Pour résumer, que nous raconte l’histoire du père Noël ?
Que les rites religieux initiatiques reposent sur une duperie organisée. La supercherie porte sur l’existence d’esprits venus d’en haut qui viennent régulièrement récompenser ou punir les enfants. Qu’il est important d’être sage si on veut plaire aux dieux et recevoir leurs cadeaux. Qu’il faut leur faire quelques offrandes en retour. L’arrivée du père Noël a été déplacé du début décembre à la fin du mois pour la faire coïncider avec la fête du solstice d’hiver (fête païenne sur laquelle l’Église a également greffé la date de naissance de Jésus). Dans l’Europe traditionnelle, les rites de fin d’année se déroulaient sur plusieurs semaines. Vers la fin de l’année, il était d’usage de décorer une branche de gui ou de sapin (survivance druidique) que l’on accrochait à l’entrée de la maison. Cette branche était ornée de bonbons ou de bibelots qu’on offrait aux enfants.
C’est de cet amalgame de rites ancestraux et de campagne de marketing bien menée, de croyance aux esprits et aux rites agraires, de rites d’initiation et de leçon de morale qu’est né le père Noël. Cela nous dit bien des choses sur la façon de confectionner les rites.
Mais chut ! Cela doit rester secret…
[1] Voir « Aborigènes, un secret dévoilé » L’Humanologue n°1.

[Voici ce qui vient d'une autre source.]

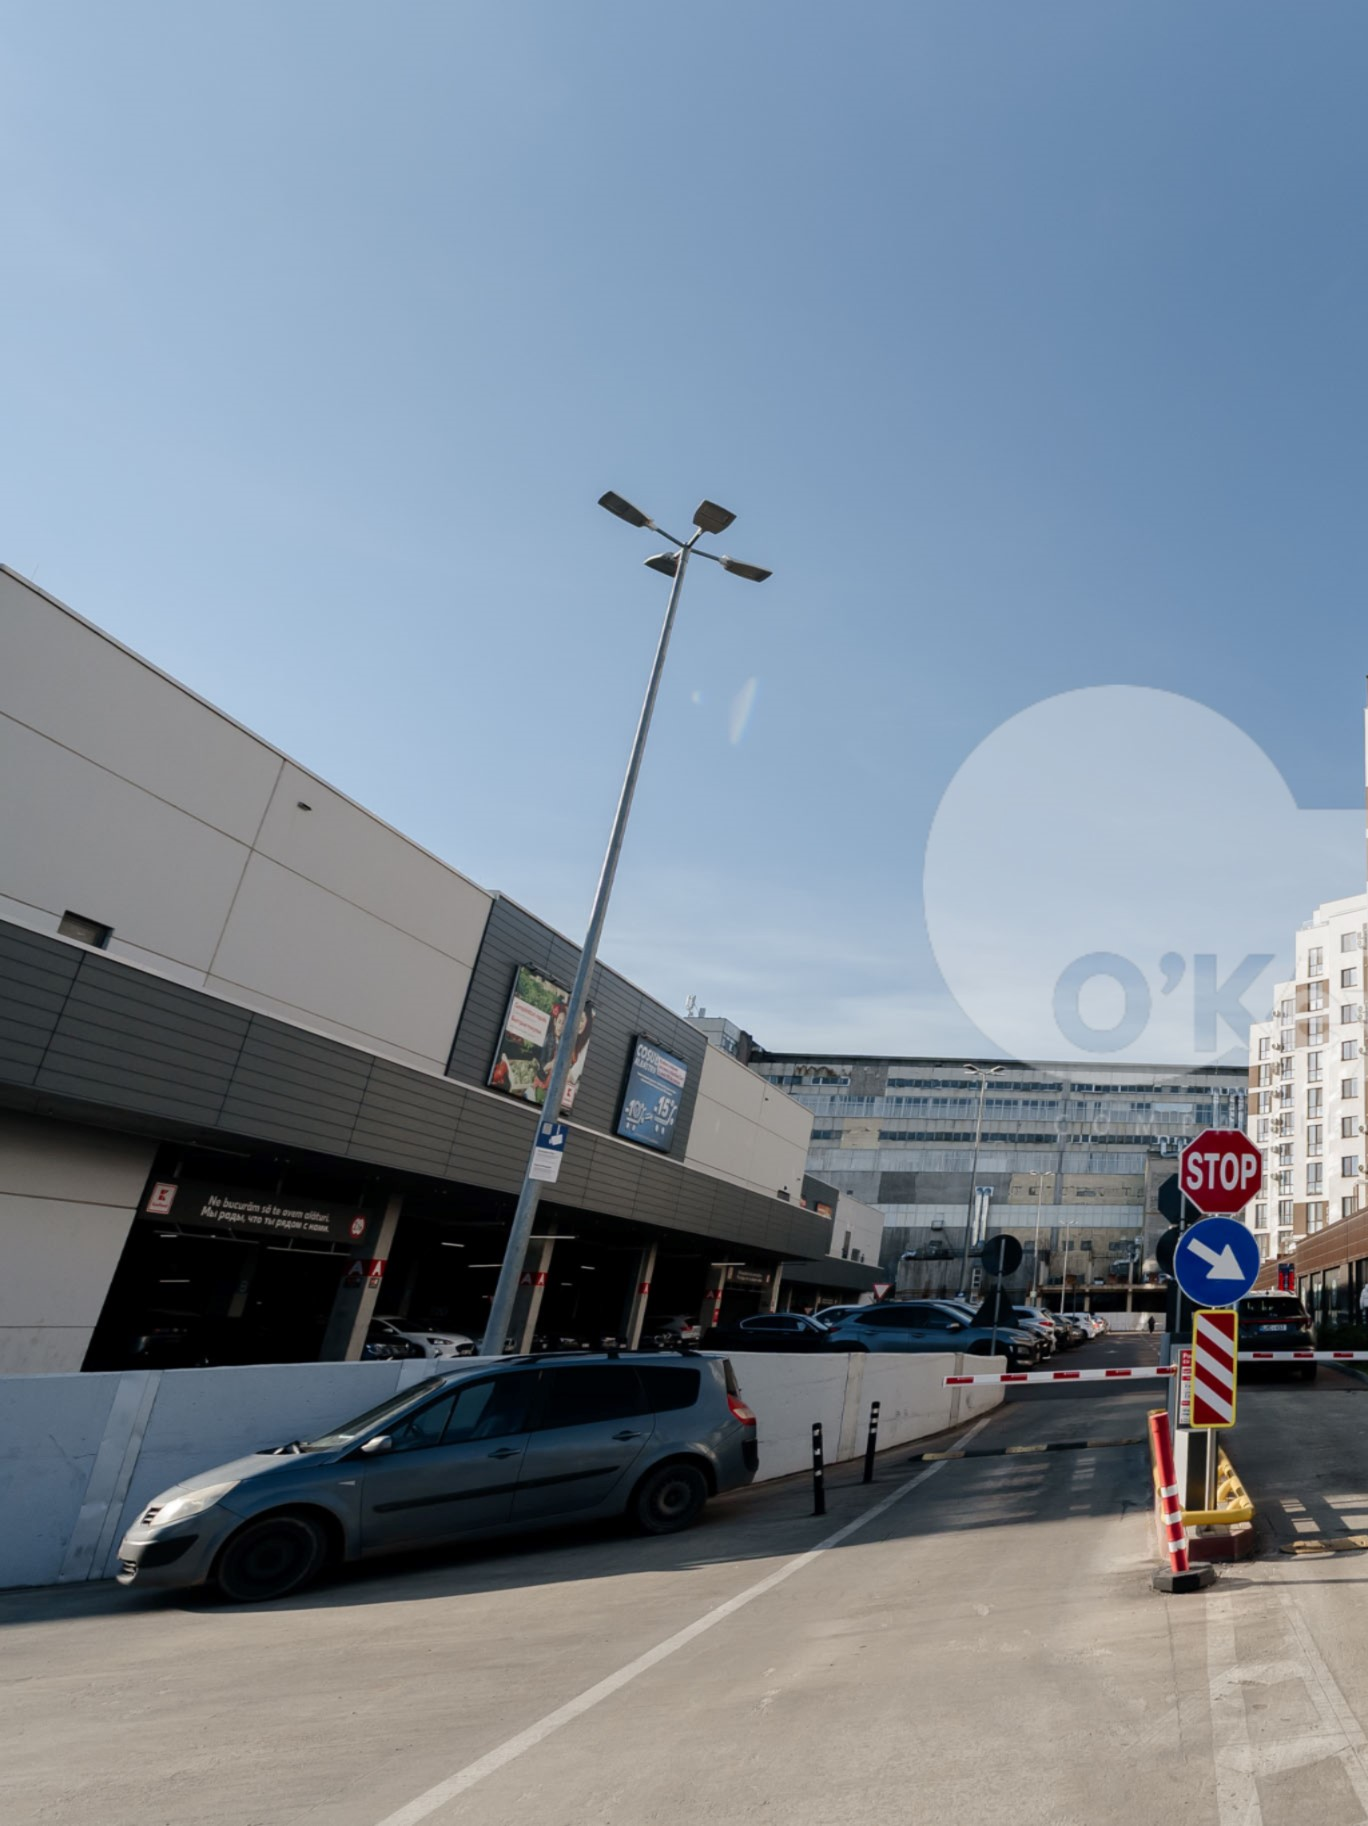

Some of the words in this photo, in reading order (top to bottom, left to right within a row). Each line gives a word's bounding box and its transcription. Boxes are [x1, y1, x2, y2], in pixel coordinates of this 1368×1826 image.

[2] Voir « Quand le soleil a pris le pouvoir sur la lune », L’Humanologue 4.
[3] Maurice Godelier, La Production des grands hommes, 1982.
[4] Julien Bonhomme, « La feuille sur la langue. Pragmatique du secret initiatique. » Cahiers gabonais d’anthropologie, 2006, en ligne.
« Le père Noël est d’abord l’expression d’un statut différent entre les petits enfants d’une part, les adolescents et les adultes de l’autre. À cet égard, il se rattache à un vaste ensemble de croyances et de pratiques que les ethnologues ont étudiées dans la plupart des sociétés, à savoir les rites de passage et d’initiation. Il y a peu de groupements humains, en effet, où, sous une forme ou sous une autre, les enfants (parfois aussi les femmes) ne soient exclus de la société des hommes par l’ignorance de certains mystères ou la croyance – soigneusement entretenue – en quelque illusion que les adultes se réservent de dévoiler au moment opportun, consacrant ainsi l’agrégation des jeunes générations à la leur. Parfois, ces rites ressemblent de façon surprenante à ceux que nous examinons en ce moment. Comment, par exemple, ne pas être frappé de l’analogie qui existe entre le Père Noël et les katchina des Indiens du Sud-Ouest des États-Unis ? Ces personnages costumés et masqués incarnent des dieux et des ancêtres ; ils reviennent périodiquement visiter leur village pour y danser, et pour punir ou récompenser les enfants, car on s’arrange pour que ceux-ci ne reconnaissent pas leurs parents ou familiers sous le déguisement traditionnel. Le Père Noël appartient certainement à la même famille, avec d’autres comparses maintenant rejetés à l’arrière-plan : Croquemitaine, Père Fouettard, etc. (…)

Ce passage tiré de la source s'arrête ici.